09 noviembre 2014

Táchira arrasado


Por: Tulio Hernández 

Desde que se arriba al aeropuerto Ventura Vivas de Santo Domingo, ubicado en el pie de monte donde termina la montaña y se despliega el llano tachirense, comienza a sentirse la sensación de que algo anda mal. 

A pesar de que ha sido objeto de una reciente ­y costosa­ remodelación, la sala de equipajes resulta extremadamente pequeña e incómoda. Alguien se robó unos reales. Los pasajeros se apiñan desordenadamente tratando de recoger las maletas que llegan sobre una corta y estrecha cinta varias tallas menores que el movimiento de un aeropuerto convertido por la vía de los hechos en destino internacional. 

Porque, hay que recordarlo, con el déficit de boletos para viajar al extranjero, y especialmente a Bogotá, centenares de pasajeros venezolanos vuelan al Táchira, cruzan la frontera por tierra y toman un vuelo interno desde Cúcuta a la ciudad colombiana de destino. O, a la inversa, gracias al diferencial cambiario que convierte un peso en 4,7 bolívares, los colombianos que tiene como destino turístico barato a Margarita, hacen lo mismo pero al revés. 

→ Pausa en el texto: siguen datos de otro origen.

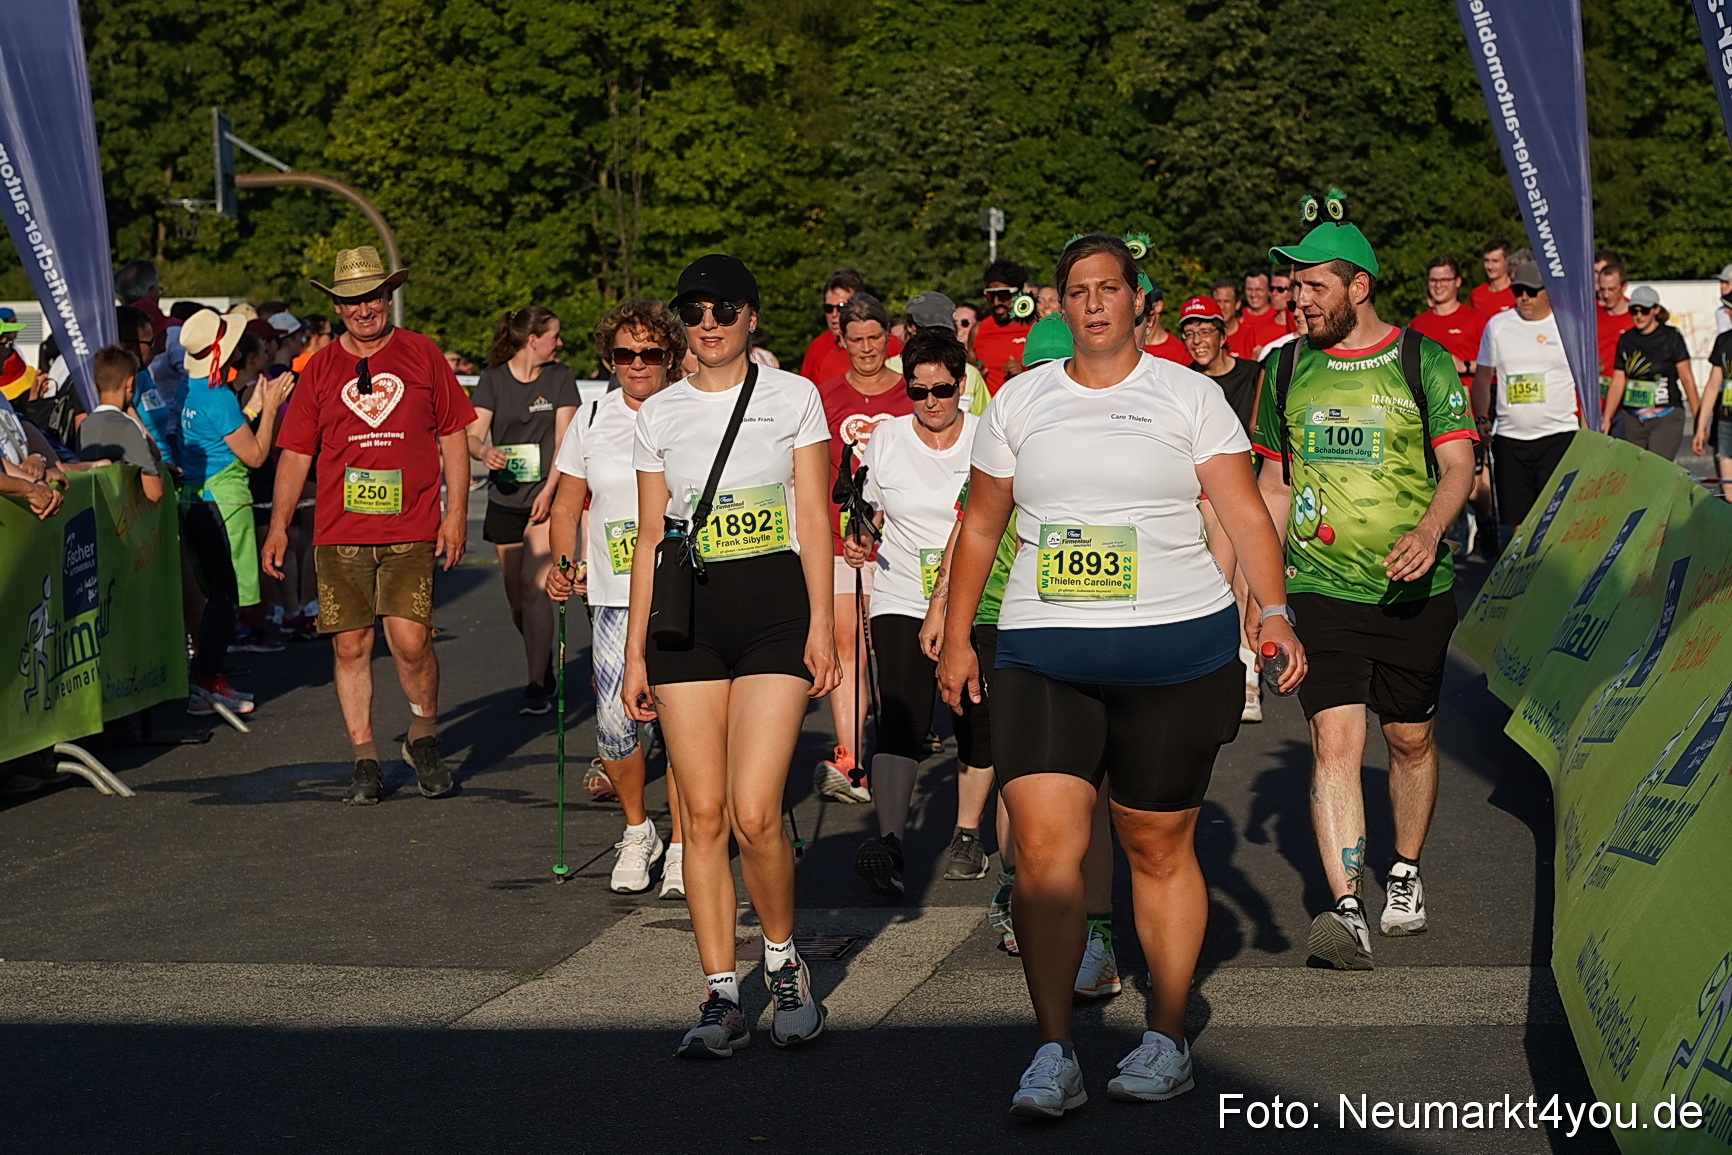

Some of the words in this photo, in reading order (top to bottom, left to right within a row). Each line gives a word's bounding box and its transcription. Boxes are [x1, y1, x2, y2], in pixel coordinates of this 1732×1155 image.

Y como los demás aeropuertos tachirenses, el de San Antonio y el de La Fría, están cerrados, la alta demanda no sólo convierte a Santo Domingo en puerto internacional sino también en uno de los destinos más solicitados y congestionados del país. Tanto, que se puede tardar hasta quince días para obtener un cupo o, si se requiere de inmediato, resignarse a pagar, es lo que cuentan en el aeropuerto, sobornos de hasta 6.000 y 7.000 bolívares. 

Una vez superados los primeros escollos viene otra prueba. Llena de baches y bordes de vía quebrados, la carretera que lleva a San Cristóbal, la misma desde hace 50 años, se convierte por tramos en un estacionamiento. En esta oportunidad la reparación del puente sobre el río Uribante, del que muchos creen se derrumbará como el viaducto de la Caracas-La Guaira, genera más o menos media hora de tranca. 

Tomar la vieja carretera que lleva a Rubio por la vía de Santa Ana es peor aún. Con tramos casi intransitables, la ruta de apretados dos canales, la misma desde hace sesenta o setenta años, deja ver a un lado unas gigantescas máquinas pica piedra que, según mis informantes, están produciendo un crimen ecológico en río Quinimarí. Que el negocio es del gobernador Vielma Mora, dicen las leyendas urbanas. Sin piedras, los panches y otras especies desaparecerán. 

Llegamos luego al Parque Nacional La Petrolia. Una suerte de museo y centro recreacional construido durante el primer gobierno de Carlos Andrés Pérez para honrar el lugar donde se realizó, gracias a empresarios locales, la primera explotación de petróleo en el país. 

Ahora, como si de una metáfora de nuestra industria petrolera se tratara, el lugar está en escombros. Las salas cerradas. 

El Estado que regala petróleo a barriles llenos no es capaz de cuidar la memoria local de la industria que le da el sustento. 

Conozco esta carretera desde niño y me preparo a encontrar los verdes cafetales de las vecindades de El Chícaro y La Tucarena. Lo que viene es un golpe bajo a la memoria. Los cafetales están muriendo envueltos por las plantas parásitas y el abandono. 

Mis acompañantes cuentan que ya nadie cultiva el café. Por la regulación de precios es más costoso cosecharlo que la ganancia por la venta. 
El ciclo anual de abono en noviembre, floración en abril, cosecha en agosto, secado y tostado en septiembre u octubre, ya nadie lo presencia o lo oficia. Enfermedades nuevas, como la broca, terminaron devorando lo poco que quedaba en pie. Es más rentable contrabandear gasolina. Y así lo entiendo cuando al entrar a Rubio contemplo la inmensa cola para llenar los tanques. Si no tienes suerte, puedes tardar hasta cinco horas. 

Se dice que la patria es la infancia. Pero en este viaje lo que he encontrado es el exilio. El Táchira de hoy semeja un territorio por donde pasaron los bárbaros arrasándolo todo. Una tierra arrasada.